*About this exercise*: Taking the line with "this 1600×1200 image." as the first and the last line of the listing as the final one, please copy exactly those lines and no others, without pictures.

━━━━━━━━━━━━━━━━━━━━

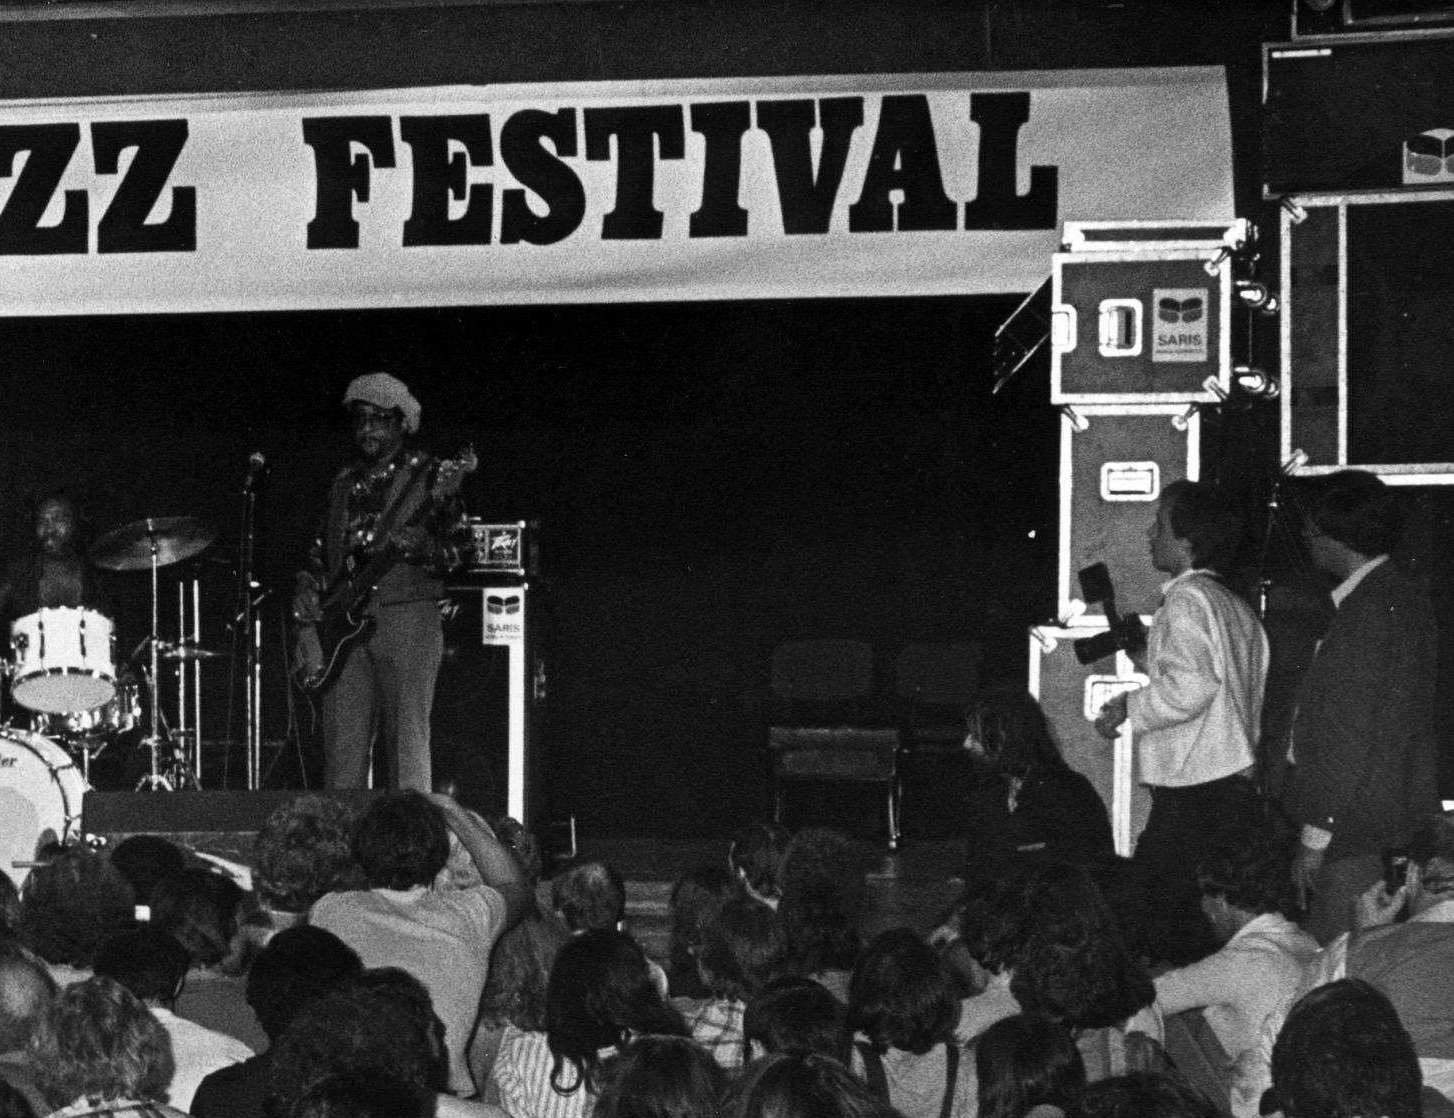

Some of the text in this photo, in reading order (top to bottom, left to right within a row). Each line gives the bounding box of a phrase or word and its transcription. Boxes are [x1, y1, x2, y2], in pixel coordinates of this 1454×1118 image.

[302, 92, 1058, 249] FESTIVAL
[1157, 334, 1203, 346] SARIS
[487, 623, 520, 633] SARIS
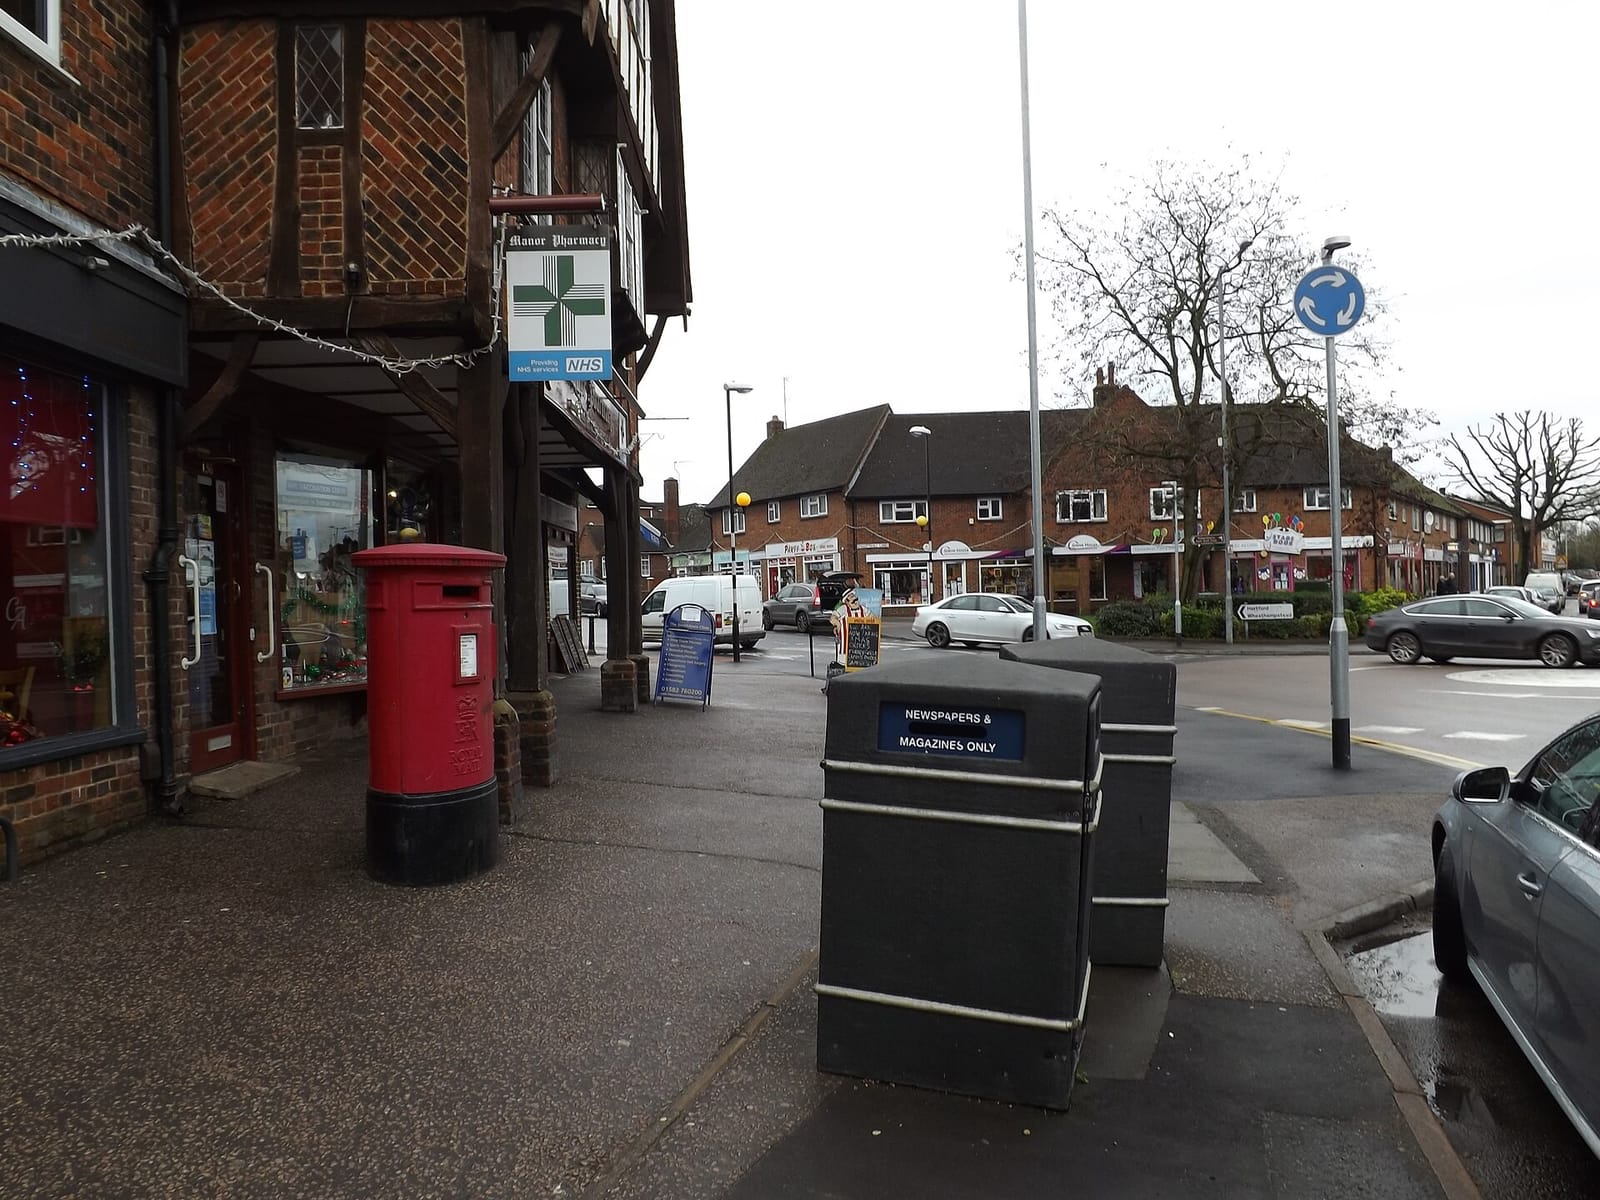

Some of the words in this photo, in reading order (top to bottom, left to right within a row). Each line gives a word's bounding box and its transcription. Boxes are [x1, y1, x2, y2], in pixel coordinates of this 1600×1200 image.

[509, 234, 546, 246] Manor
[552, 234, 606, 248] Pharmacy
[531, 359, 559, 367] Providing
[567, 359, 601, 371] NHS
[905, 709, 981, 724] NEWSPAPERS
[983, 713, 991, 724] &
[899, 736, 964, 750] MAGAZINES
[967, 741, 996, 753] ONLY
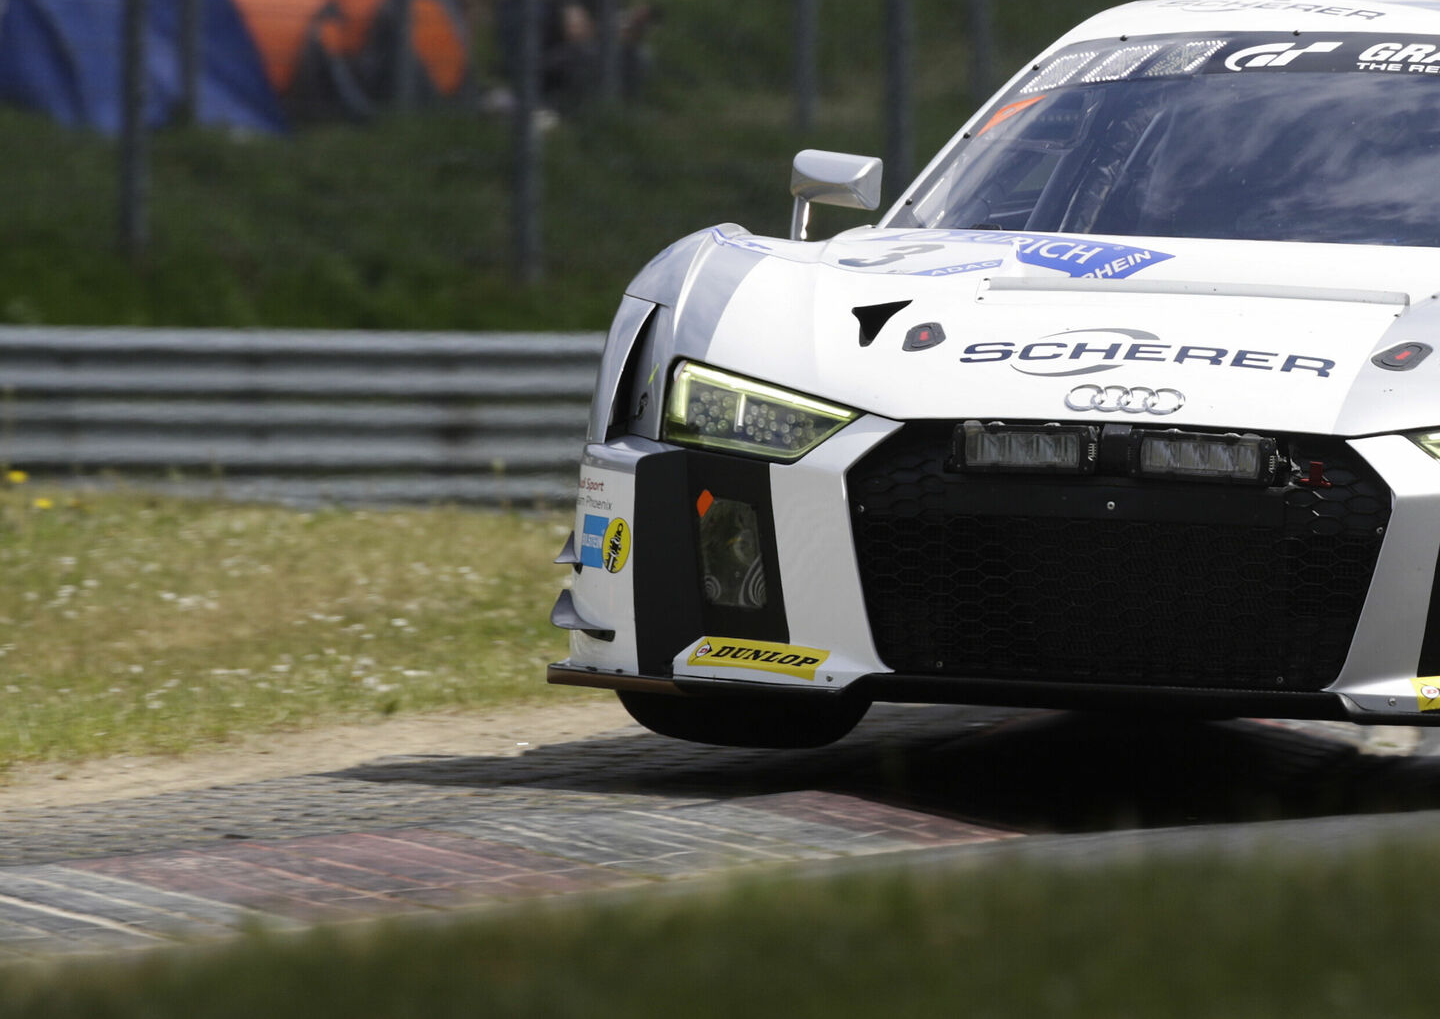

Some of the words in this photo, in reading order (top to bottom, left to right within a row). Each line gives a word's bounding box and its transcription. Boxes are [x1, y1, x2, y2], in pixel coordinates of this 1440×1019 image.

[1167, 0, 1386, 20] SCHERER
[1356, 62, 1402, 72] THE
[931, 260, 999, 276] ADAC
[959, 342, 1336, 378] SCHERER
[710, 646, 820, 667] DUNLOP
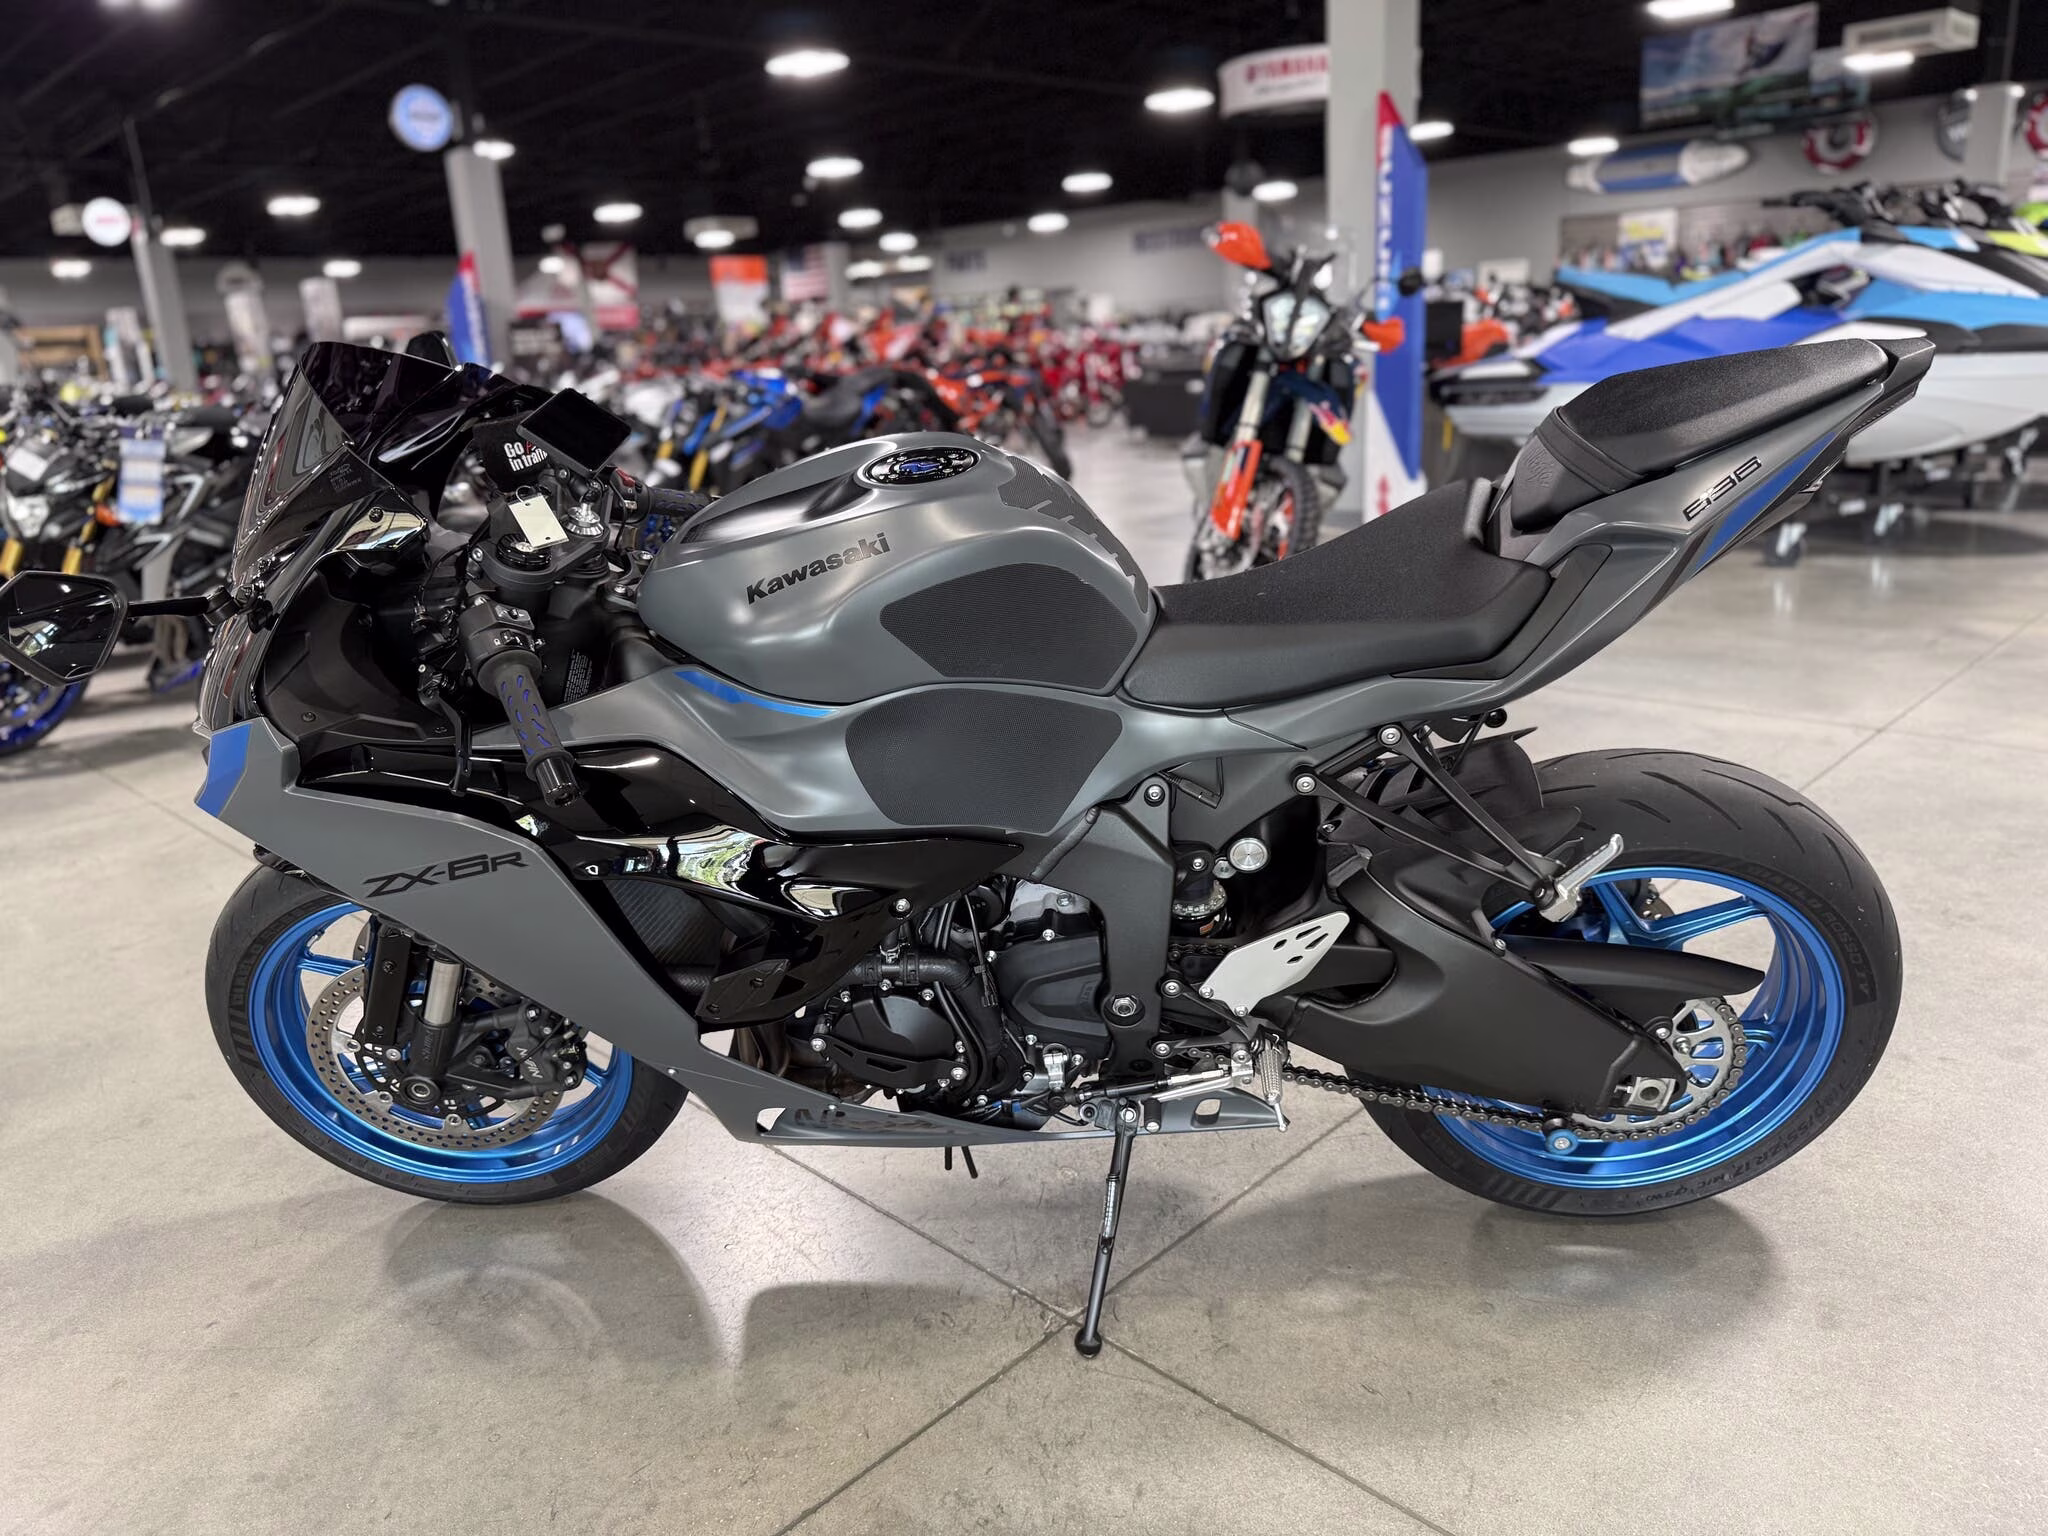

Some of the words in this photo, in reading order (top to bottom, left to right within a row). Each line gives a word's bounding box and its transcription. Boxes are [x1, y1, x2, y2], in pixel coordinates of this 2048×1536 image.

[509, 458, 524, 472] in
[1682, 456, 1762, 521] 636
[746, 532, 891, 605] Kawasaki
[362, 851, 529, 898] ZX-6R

━━━━━━━━━━━━━━━━━━━━

*Output of the exercise*:
Some of the words in this photo, in reading order (top to bottom, left to right within a row). Each line gives a word's bounding box and its transcription. Boxes are [x1, y1, x2, y2], in pixel coordinates of this 1600×1200 image.

[509, 234, 546, 246] Manor
[552, 234, 606, 248] Pharmacy
[531, 359, 559, 367] Providing
[567, 359, 601, 371] NHS
[905, 709, 981, 724] NEWSPAPERS
[983, 713, 991, 724] &
[899, 736, 964, 750] MAGAZINES
[967, 741, 996, 753] ONLY

Some of the words in this photo, in reading order (top to bottom, left to right within a row). Each line gives a word's bounding box and its transcription. Boxes are [x1, y1, x2, y2], in pixel coordinates of this 1440×1019 image.

[1167, 0, 1386, 20] SCHERER
[1356, 62, 1402, 72] THE
[931, 260, 999, 276] ADAC
[959, 342, 1336, 378] SCHERER
[710, 646, 820, 667] DUNLOP

Some of the words in this photo, in reading order (top to bottom, left to right within a row). Each line gives a word's bounding box and its transcription. Boxes are [x1, y1, x2, y2], in pixel coordinates of this 2048×1536 image.

[509, 458, 524, 472] in
[1682, 456, 1762, 521] 636
[746, 532, 891, 605] Kawasaki
[362, 851, 529, 898] ZX-6R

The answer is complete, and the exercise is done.